Your task is to repeat the entries word for word while leaving out the pictures.

#### Task input ####

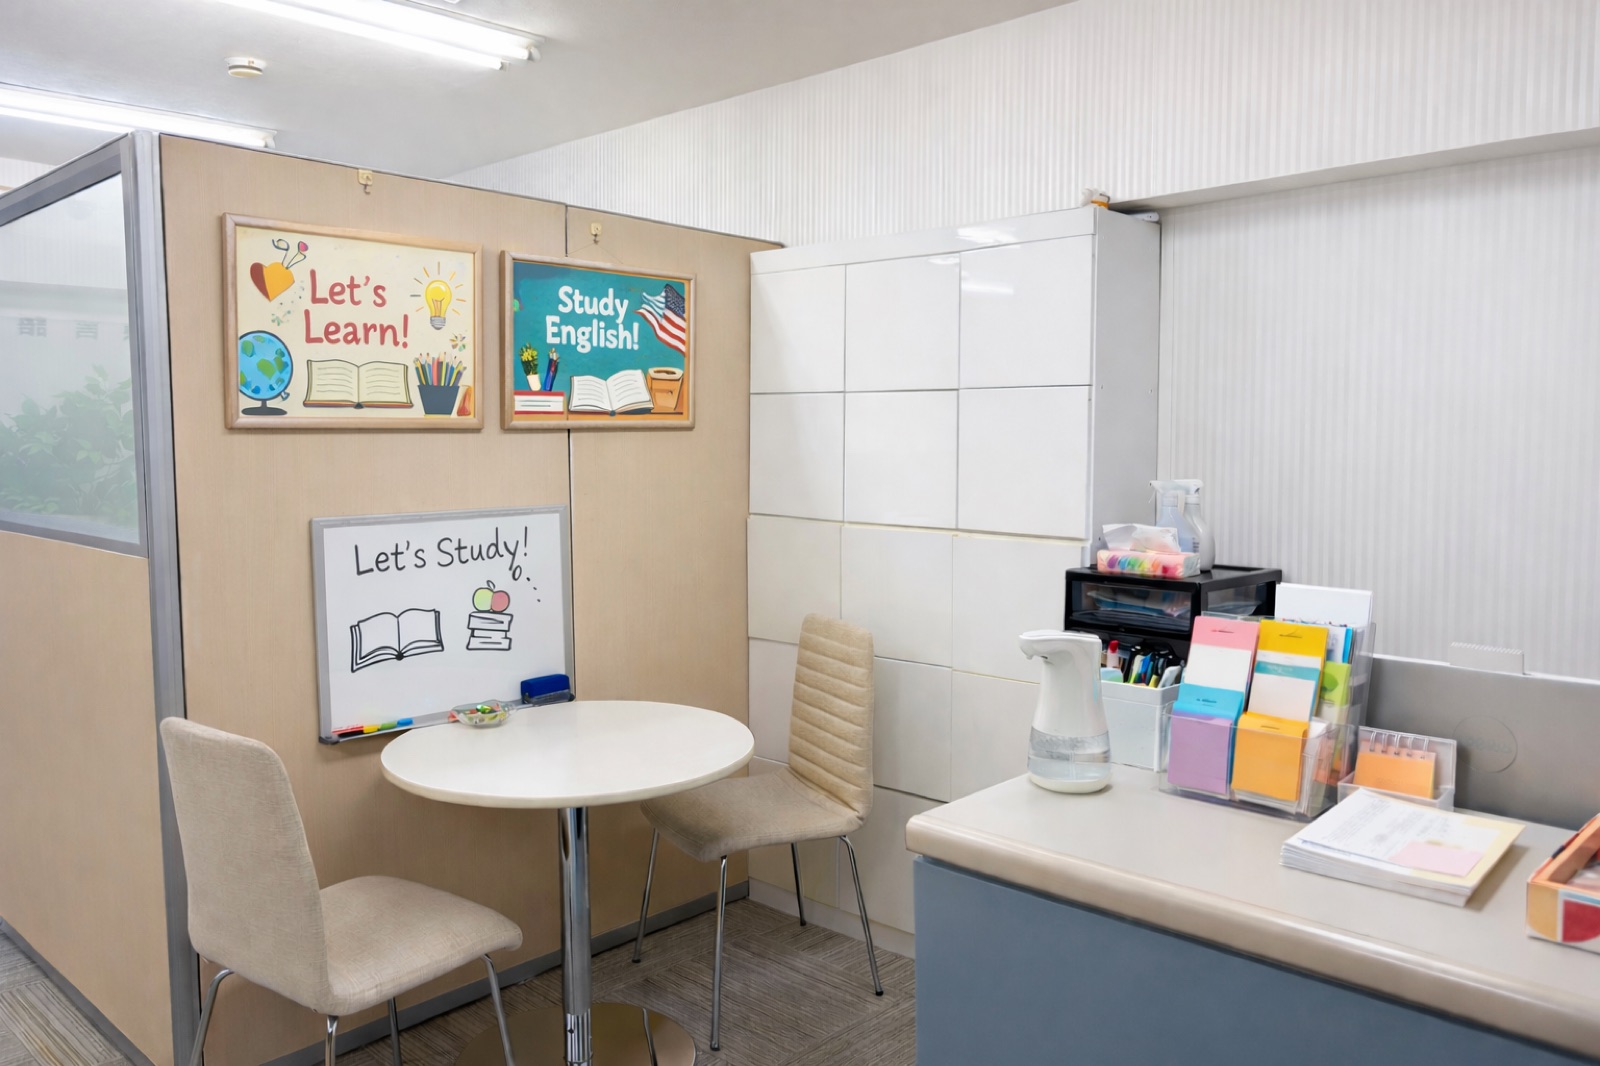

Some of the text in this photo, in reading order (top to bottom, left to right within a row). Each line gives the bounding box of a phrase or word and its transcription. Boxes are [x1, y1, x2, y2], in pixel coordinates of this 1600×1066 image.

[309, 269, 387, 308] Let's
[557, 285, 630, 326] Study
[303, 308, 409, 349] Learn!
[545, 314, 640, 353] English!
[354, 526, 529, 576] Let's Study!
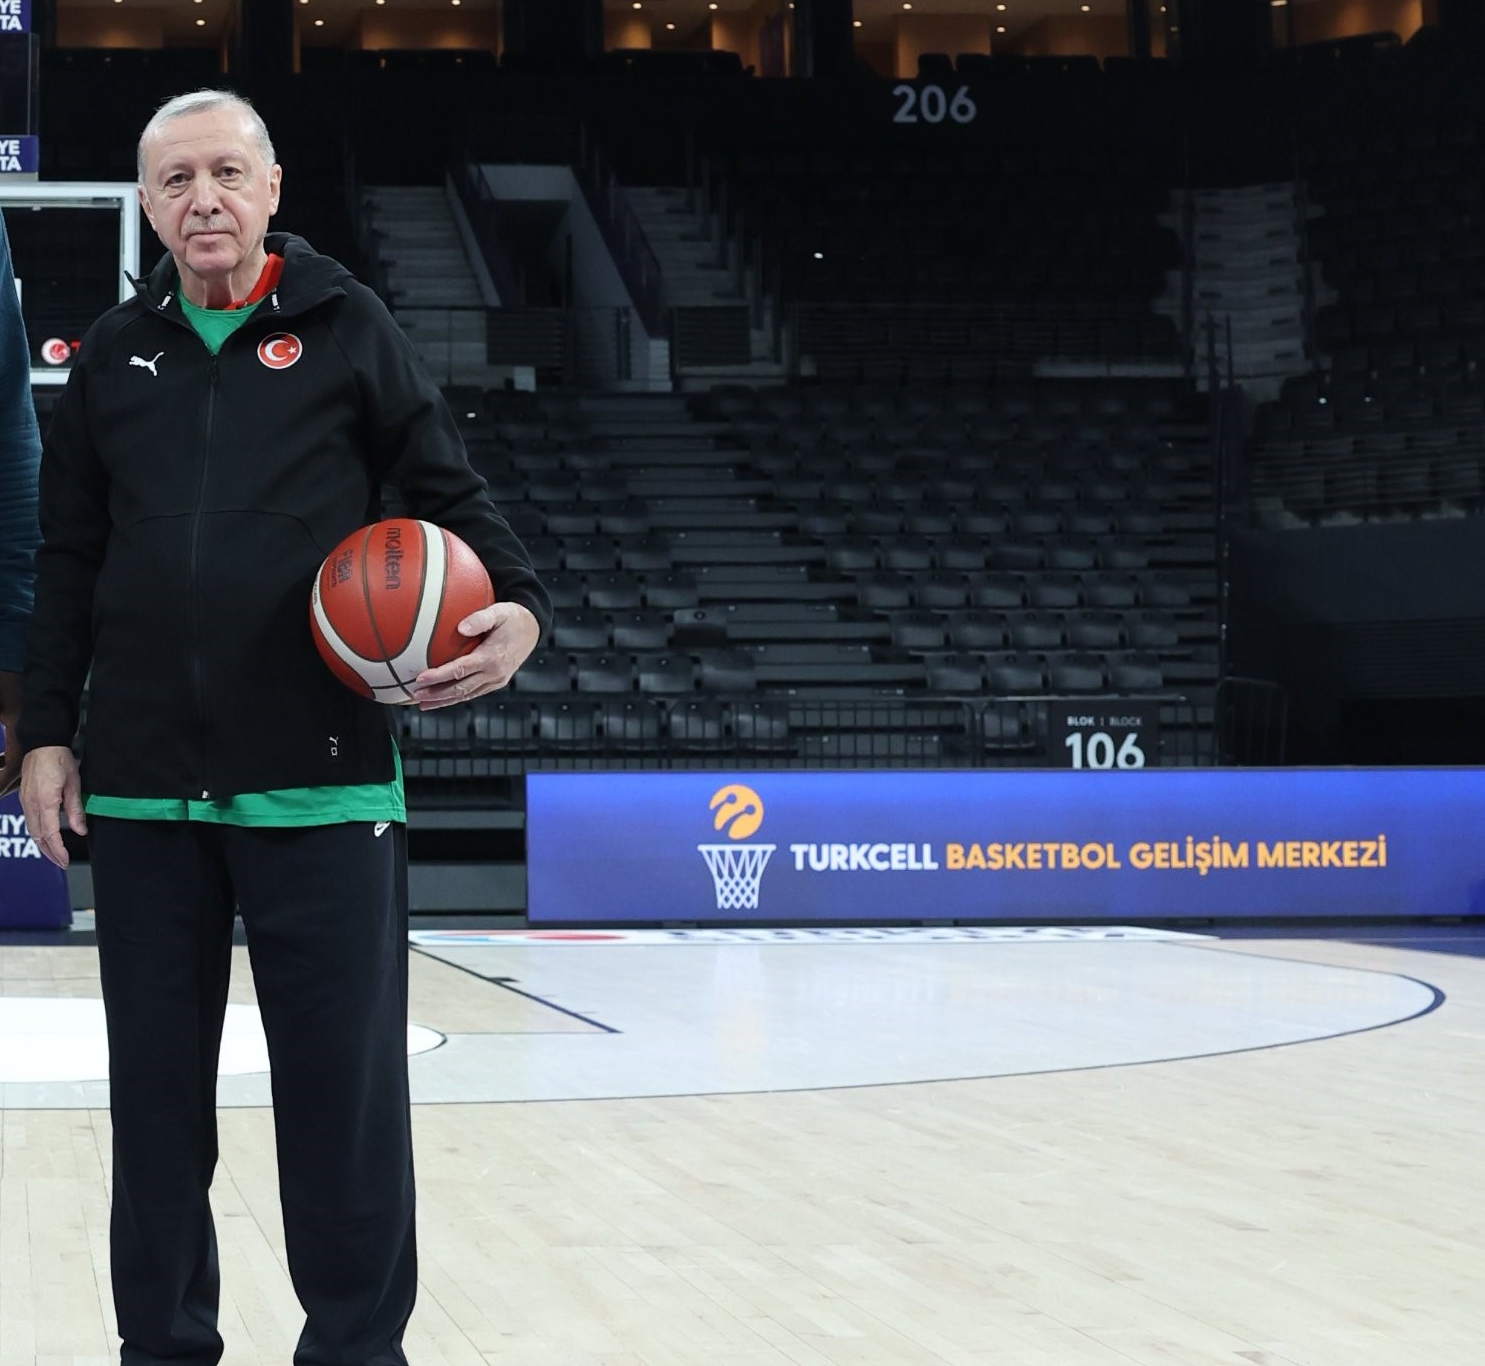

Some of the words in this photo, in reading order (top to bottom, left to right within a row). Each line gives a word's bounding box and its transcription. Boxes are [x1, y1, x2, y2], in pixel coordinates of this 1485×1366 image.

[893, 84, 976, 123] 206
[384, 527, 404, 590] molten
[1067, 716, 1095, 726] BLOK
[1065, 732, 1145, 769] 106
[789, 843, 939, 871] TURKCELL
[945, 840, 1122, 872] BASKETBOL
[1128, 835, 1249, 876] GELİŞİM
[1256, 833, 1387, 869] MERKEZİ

####

> [Answer section]:
Some of the text in this photo, in reading order (top to bottom, left to right within a row). Each line gives the bounding box of a phrase or word and its transcription. Boxes are [x1, y1, x2, y2], in pixel coordinates of this 1600×1066 image.

[309, 269, 387, 308] Let's
[557, 285, 630, 326] Study
[303, 308, 409, 349] Learn!
[545, 314, 640, 353] English!
[354, 526, 529, 576] Let's Study!

Some of the words in this photo, in reading order (top to bottom, left to right within a row). Each line gives a word's bounding box and its transcription. Boxes are [x1, y1, x2, y2], in pixel coordinates of this 1485×1366 image.

[893, 84, 976, 123] 206
[384, 527, 404, 590] molten
[1067, 716, 1095, 726] BLOK
[1065, 732, 1145, 769] 106
[789, 843, 939, 871] TURKCELL
[945, 840, 1122, 872] BASKETBOL
[1128, 835, 1249, 876] GELİŞİM
[1256, 833, 1387, 869] MERKEZİ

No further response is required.